TASK OBJECTIVE:
Give back all of the records exactly.

○ ○ ○ ○

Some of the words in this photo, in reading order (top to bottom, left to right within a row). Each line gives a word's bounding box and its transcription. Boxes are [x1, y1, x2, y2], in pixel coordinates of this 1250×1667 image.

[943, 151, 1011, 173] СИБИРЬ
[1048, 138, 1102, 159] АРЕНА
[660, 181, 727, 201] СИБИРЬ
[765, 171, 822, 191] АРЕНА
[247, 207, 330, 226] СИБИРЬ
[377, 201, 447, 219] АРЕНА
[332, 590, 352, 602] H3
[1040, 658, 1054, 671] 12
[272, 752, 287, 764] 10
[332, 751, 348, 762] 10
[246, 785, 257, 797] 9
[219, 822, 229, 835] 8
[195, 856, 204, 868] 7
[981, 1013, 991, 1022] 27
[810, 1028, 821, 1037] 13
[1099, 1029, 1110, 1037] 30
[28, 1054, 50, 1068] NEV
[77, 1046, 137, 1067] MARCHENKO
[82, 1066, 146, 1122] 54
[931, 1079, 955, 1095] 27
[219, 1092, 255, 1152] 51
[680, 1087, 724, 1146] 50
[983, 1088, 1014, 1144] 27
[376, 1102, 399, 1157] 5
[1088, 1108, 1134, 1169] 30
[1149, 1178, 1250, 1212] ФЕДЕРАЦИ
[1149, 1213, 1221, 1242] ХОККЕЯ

○ ○ ○ ○

RESPONSE:
Some of the words in this photo, in reading order (top to bottom, left to right within a row). Each line gives a word's bounding box and its transcription. Boxes are [x1, y1, x2, y2], in pixel coordinates of this 1250×1667 image.

[943, 151, 1011, 173] СИБИРЬ
[1048, 138, 1102, 159] АРЕНА
[660, 181, 727, 201] СИБИРЬ
[765, 171, 822, 191] АРЕНА
[247, 207, 330, 226] СИБИРЬ
[377, 201, 447, 219] АРЕНА
[332, 590, 352, 602] H3
[1040, 658, 1054, 671] 12
[272, 752, 287, 764] 10
[332, 751, 348, 762] 10
[246, 785, 257, 797] 9
[219, 822, 229, 835] 8
[195, 856, 204, 868] 7
[981, 1013, 991, 1022] 27
[810, 1028, 821, 1037] 13
[1099, 1029, 1110, 1037] 30
[28, 1054, 50, 1068] NEV
[77, 1046, 137, 1067] MARCHENKO
[82, 1066, 146, 1122] 54
[931, 1079, 955, 1095] 27
[219, 1092, 255, 1152] 51
[680, 1087, 724, 1146] 50
[983, 1088, 1014, 1144] 27
[376, 1102, 399, 1157] 5
[1088, 1108, 1134, 1169] 30
[1149, 1178, 1250, 1212] ФЕДЕРАЦИ
[1149, 1213, 1221, 1242] ХОККЕЯ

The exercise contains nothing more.